16:00 Uhr | Eintritt 13,- Euro | Abendkasse 15,- Euro

„Ick liebe Dir“

Gesang Lyrik Klavier

Keine andere Stadt in Deutschland wurde so vielfältig und reich bedichtet wie Berlin in den in den ersten drei Jahrzehnten des vorigen Jahrhunderts. B E R L I N „Ick liebe Dir“ ist ein Streifzug durch die Kaffeehäuser und Bars dieser Stadt, die Kabaretts haben Hochkonjunktur. “Der Wintergarten”, “Schall und Rauch”, “Die Wilde Bühne”, “Die Wespen”, “Kabarett der Komiker” und “Die Katakombe” sind in aller Munde. Und auf den Bühnen Berliner Musenkinder wie Otto Reutter, Claire Waldoff, Gussy Holl, Annemarie Hase, Trude Hesterberg, Erich Carow u.a.
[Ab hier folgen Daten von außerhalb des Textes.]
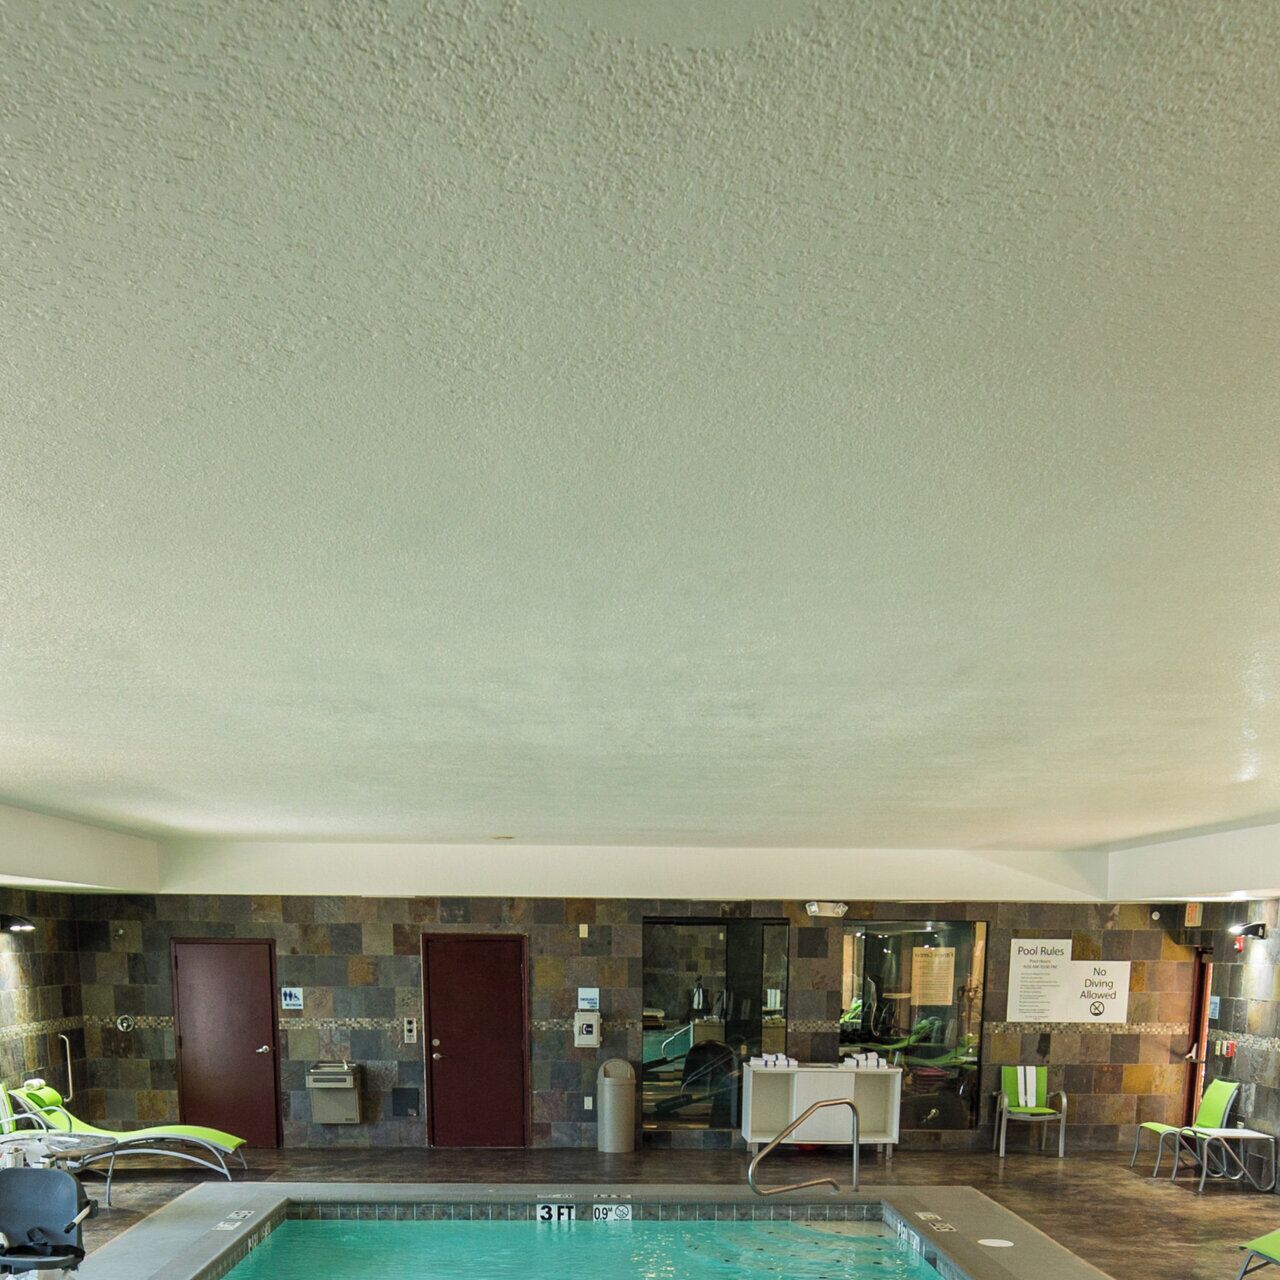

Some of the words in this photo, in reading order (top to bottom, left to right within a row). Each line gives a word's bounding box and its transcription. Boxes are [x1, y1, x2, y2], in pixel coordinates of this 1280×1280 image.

[1018, 946, 1038, 956] Pool
[1040, 946, 1064, 956] Rules
[1093, 968, 1106, 976] No
[1084, 979, 1114, 990] Diving
[1080, 990, 1116, 999] Allowed
[540, 1205, 553, 1220] 3
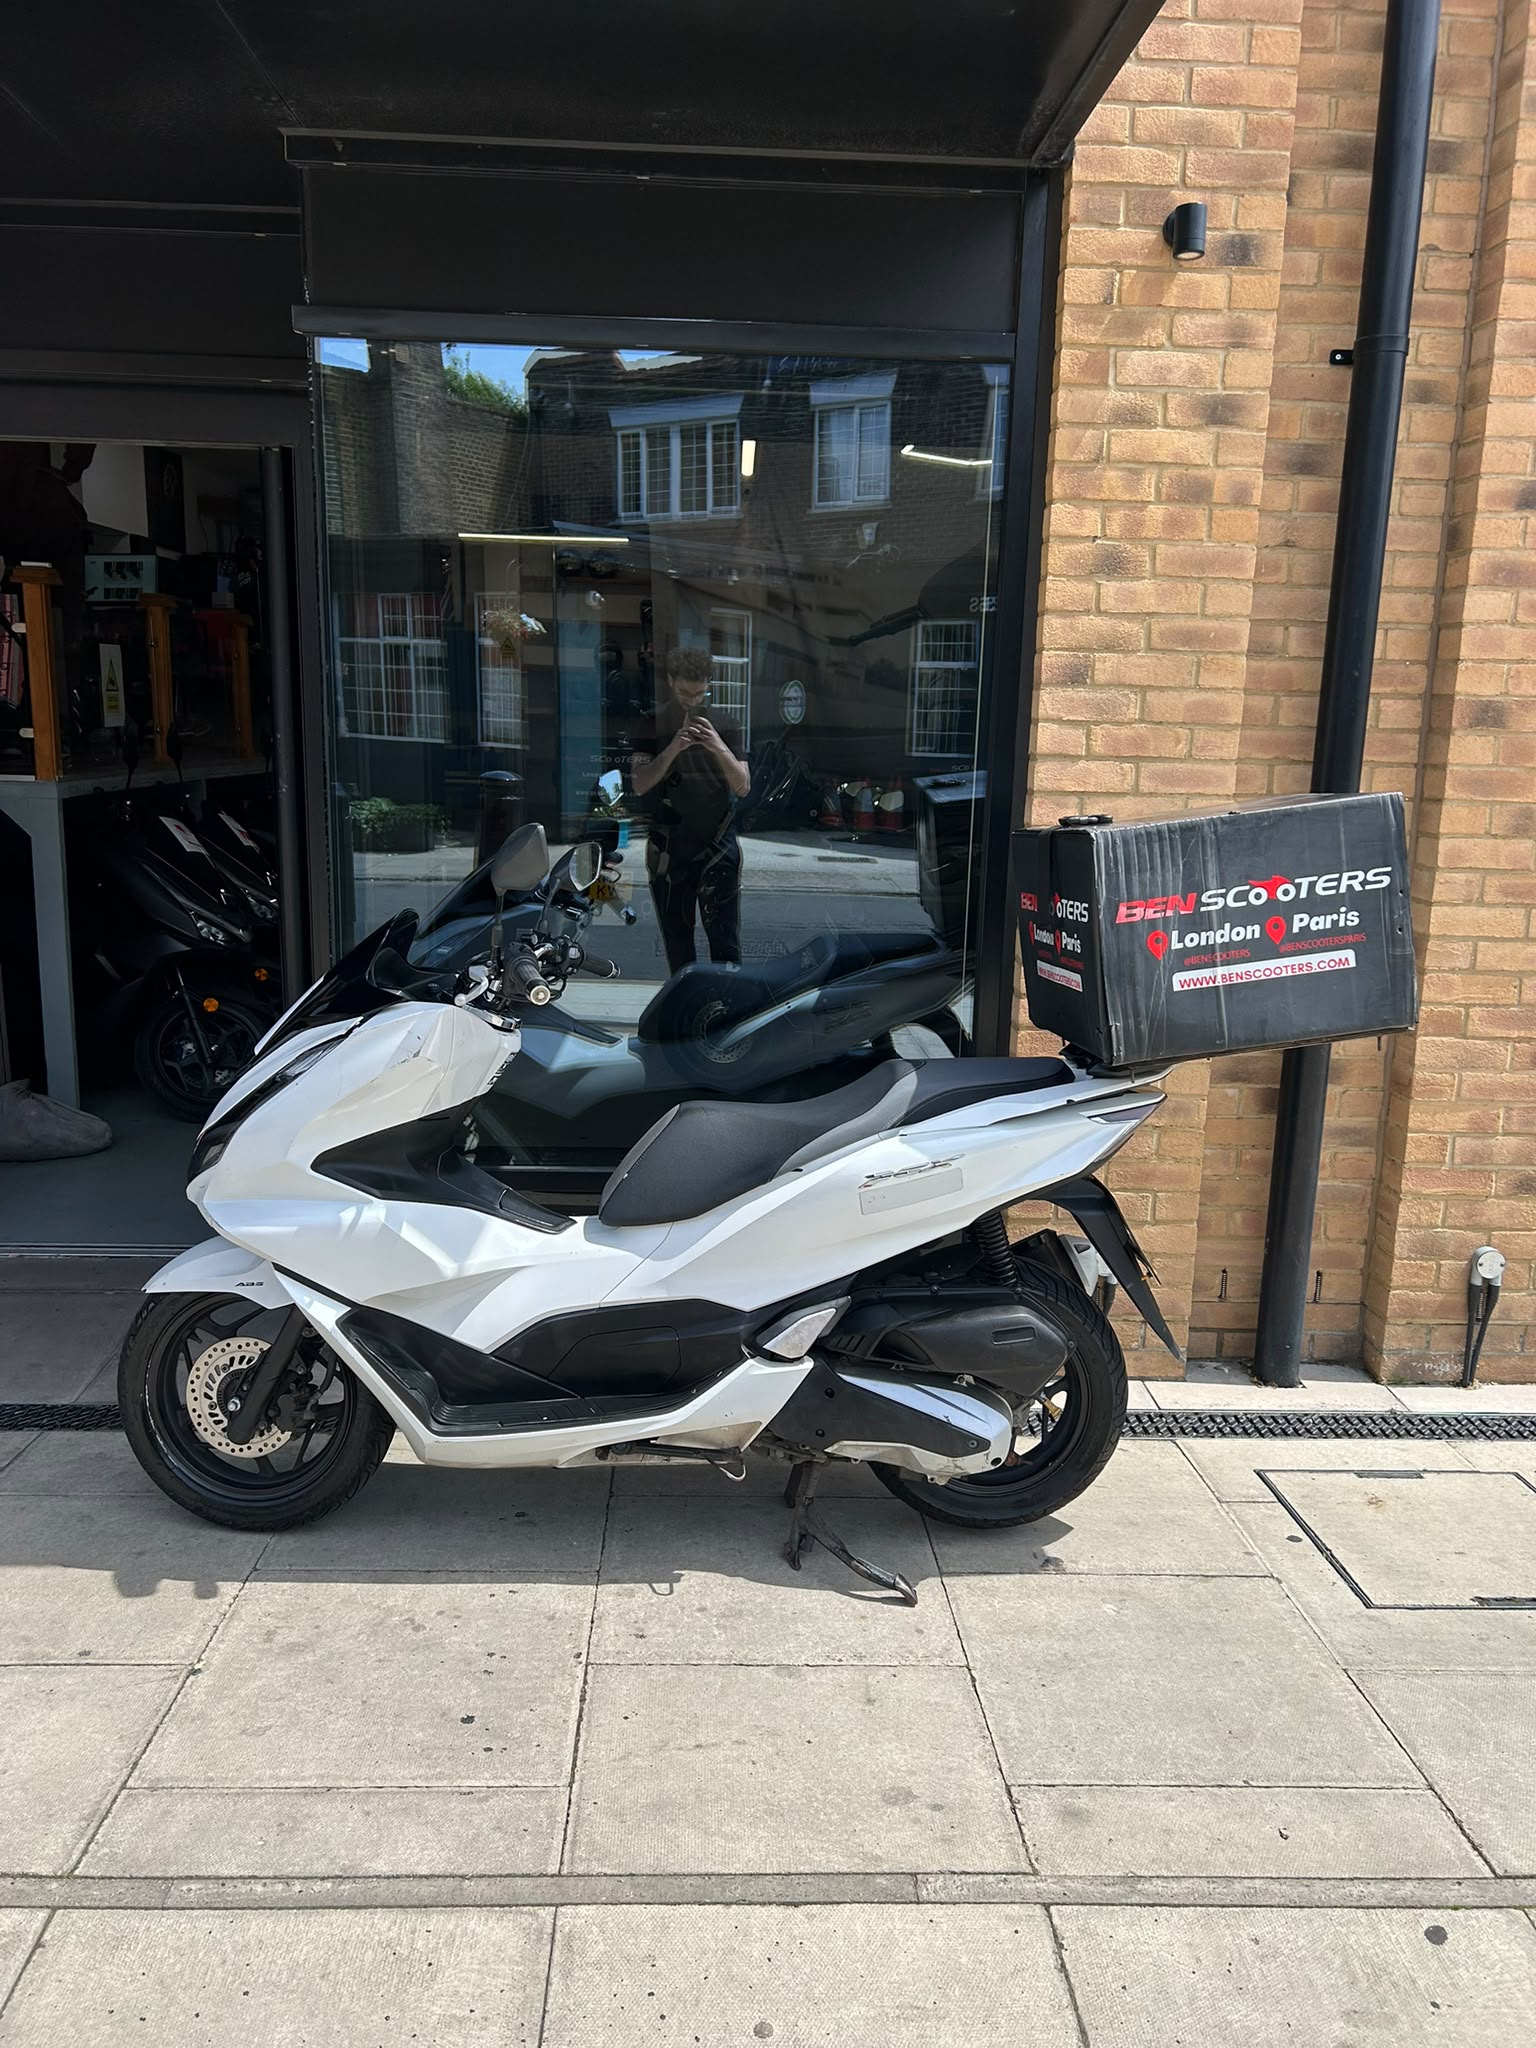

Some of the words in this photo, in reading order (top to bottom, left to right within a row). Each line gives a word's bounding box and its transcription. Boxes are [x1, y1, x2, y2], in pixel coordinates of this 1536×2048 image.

[1020, 891, 1039, 912] BEN
[1115, 892, 1198, 924] BEN
[1062, 931, 1082, 953] Paris
[1171, 922, 1261, 950] London
[1292, 905, 1361, 934] Paris
[1178, 956, 1351, 989] WWW.BENSCOOTERS.COM
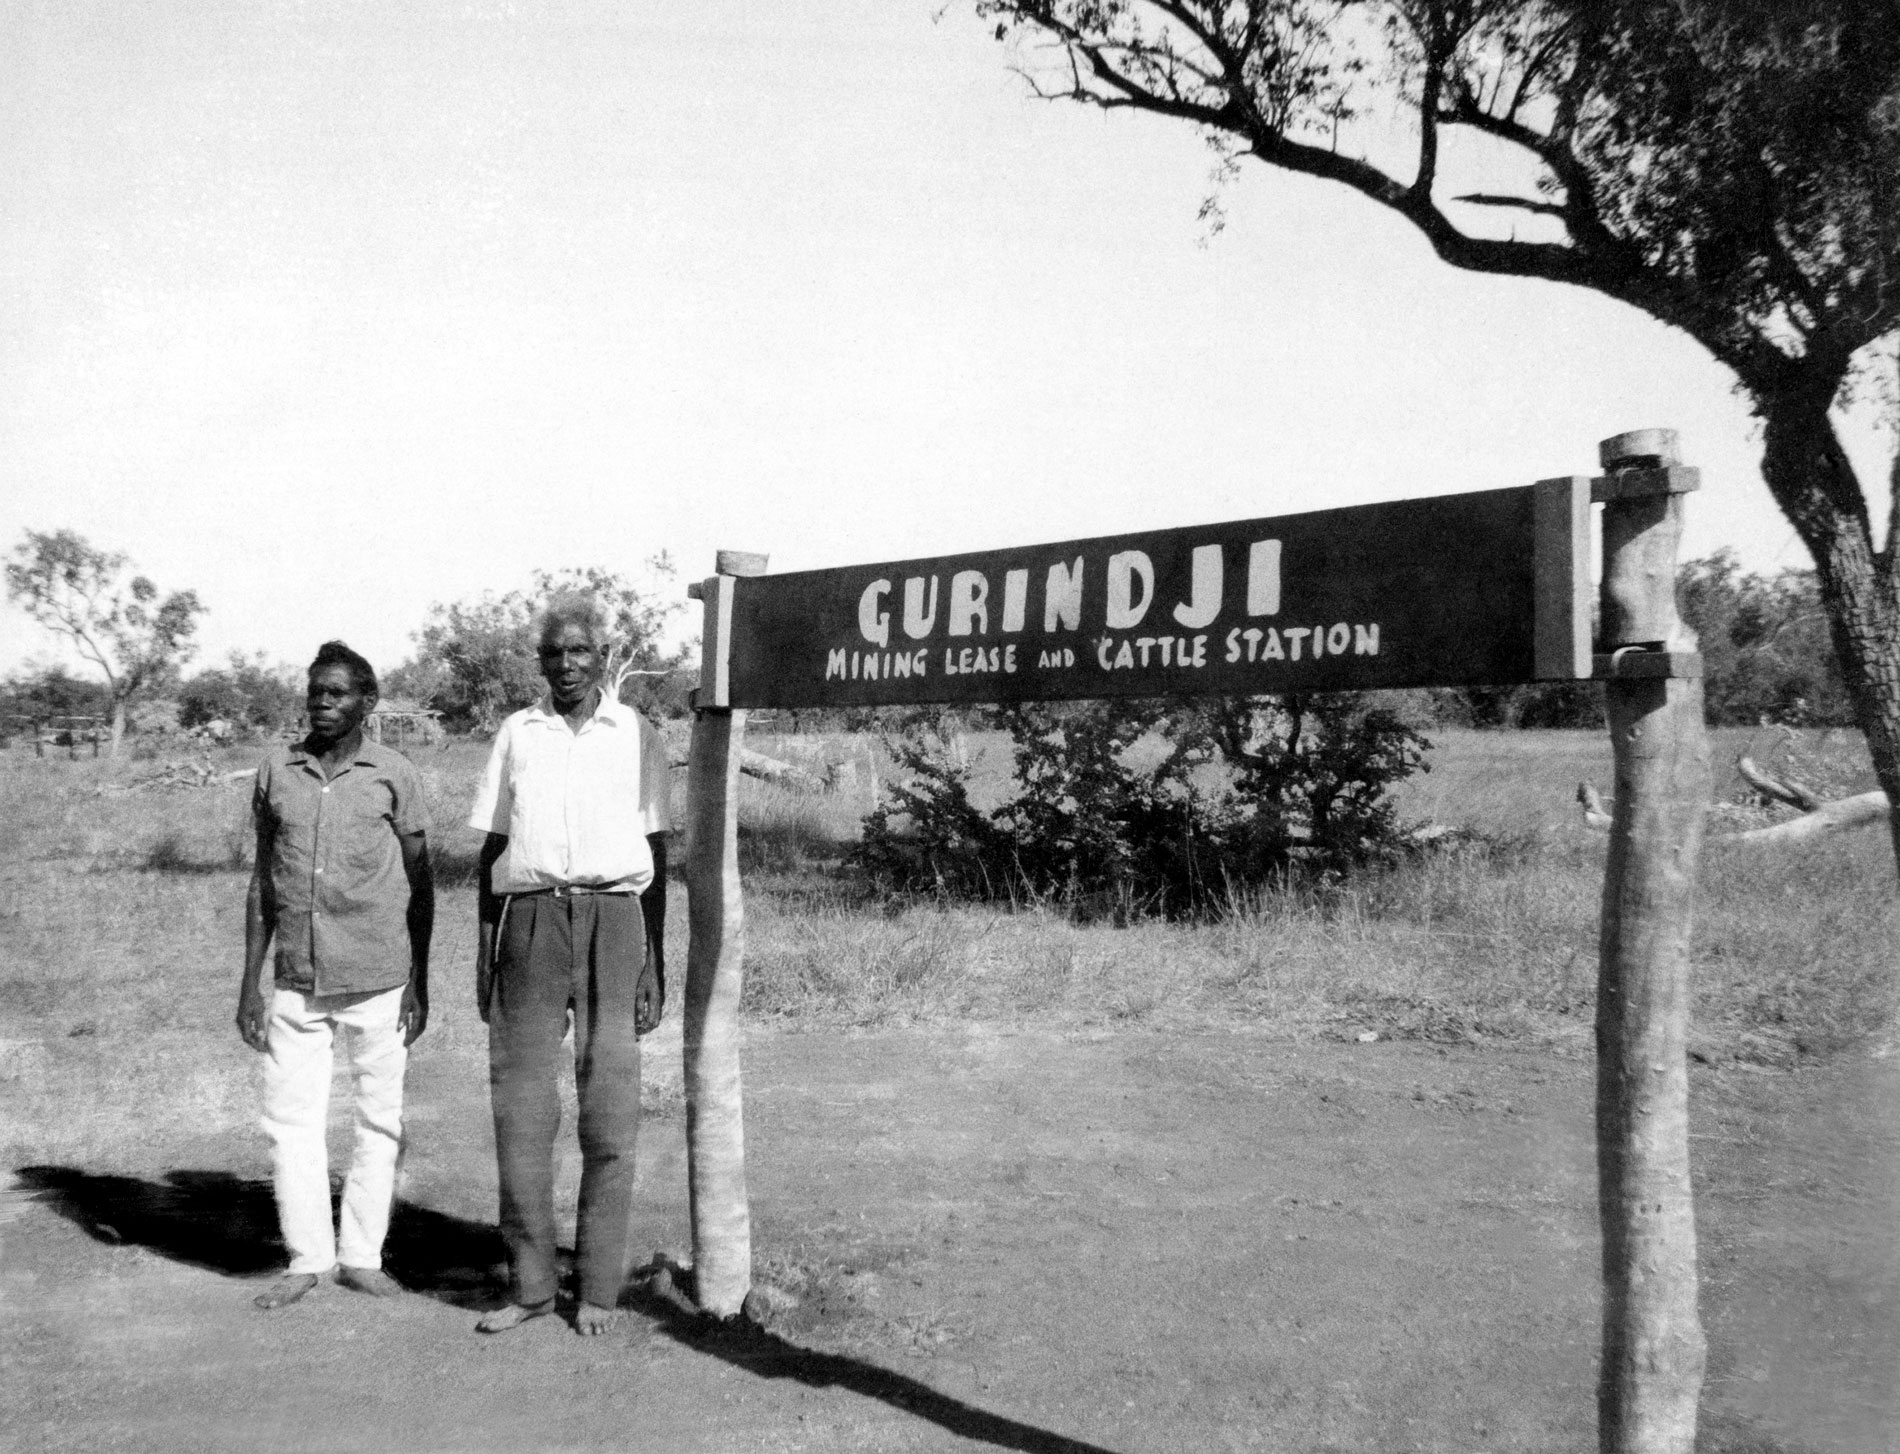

Es wird geschwärmt und gehöhnt, der Potsdamer Platz, die Gedächtniskirche, die Friedrichstraße, die billigen Mietskasernen in Kreuzberg, die vielen Hinterhöfe mit Leierkastenmann, Kindern und Hunden, ihren Menschen und ihren unvergleichlichen und doch so liebenswerten Berliner Humor.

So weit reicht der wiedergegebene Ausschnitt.